The large cup sizes may have necessitated a wider arch but the slightly thinner leather contact area generally makes it slightly less comfortable than I was hoping for. Combine this with the fairly substantial 523g weight and suddenly the D8000 feels like an old-school planar on your head.
The pads are quite an interesting design using a fabric-covered breathable foam material. Final explain this as being much more suited to how they want the D8000 final tuning to sound. This is in particular reference to high-frequency reproduction compared to the larger well-sealed leather pads used by the likes of Audeze. They do seem to be detachable also so I am presuming you can order replacements but I do not see that option on their website at present.
Foam Pros & Cons
The foam material also feels fairly stiff and retains its shape quite well. You are unlikely to ever get that sweaty feeling from long-term use in hot climates nor can I see them flaking or falling apart over time. However, the outer fabric is a touch loose so the foam has a bit of movement inside.
The degree of foam padding movement depends on your head shape and size as the overall size of the D8000 is quite big. On its smallest setting, I get a fairly nice level of clamp and minimal movement but I have to position the headband quite far back on the top of my head.
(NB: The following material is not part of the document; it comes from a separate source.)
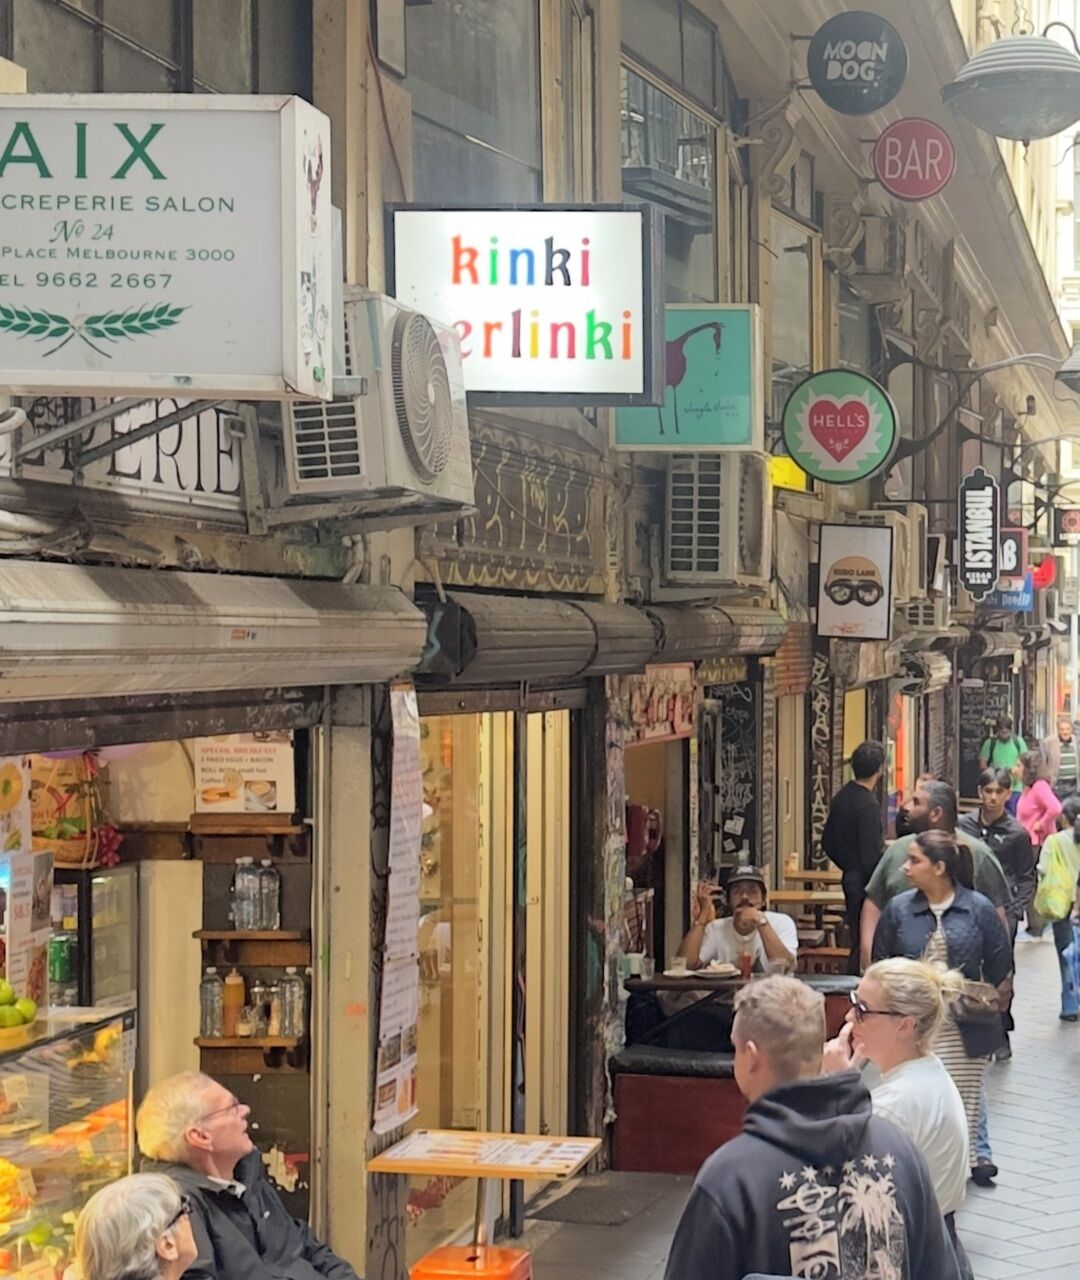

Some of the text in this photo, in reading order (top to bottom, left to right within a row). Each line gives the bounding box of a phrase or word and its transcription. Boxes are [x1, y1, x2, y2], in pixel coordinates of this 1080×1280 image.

If I get the setting just right the D8000 is quite comfortable, perhaps more so than the LCD-4. If I tip it further forward too much it creates a downward force that pushes down on the pads and top of my ears. This tends to create a little bit of uncomfortable pressure and continual minute adjustments that take away a little from the levels of comfort.
The D8000 comes in a large two-piece black box with what seems to be almost a croc-skin style laminate finish. It is the inside however that just gave me nightmares. The packing is extreme, complex and at times just darn right frustrating. Leave aside around 30 minutes to slowly work your way through the twists and turns of the cardboard and foam layering. They will eventually reveal most of the accessories and the headphones.
The D8000 does come with a fairly sold and well-built black metal stand as well as the two aforementioned cables. There are no additional pads or gadget such as airline adapters. The stand is a little unique for me in the way they hold the D8000.
Instead of resting the headband on the horizontal t-bar at the top you get two indented areas, one on each side of the end of the t-bar. Here you simply rest the D8000 on top and it should fit into place around the top of the alloy part of the headband below the plastic block.
The benefit of this is a lack of creasing or deforming of the headband since it is no in contact with the bar itself. The downside is the possible scrapes and chips you could incur if you are not careful when resting the headphone onto the indents. This is metal on metal at times so there is no cushion from the force of contact.
Aside from that, it has a good height, solid base so it will not accidentally move around. It also has plenty of space for the headphones plus cables without dragging on any surface below.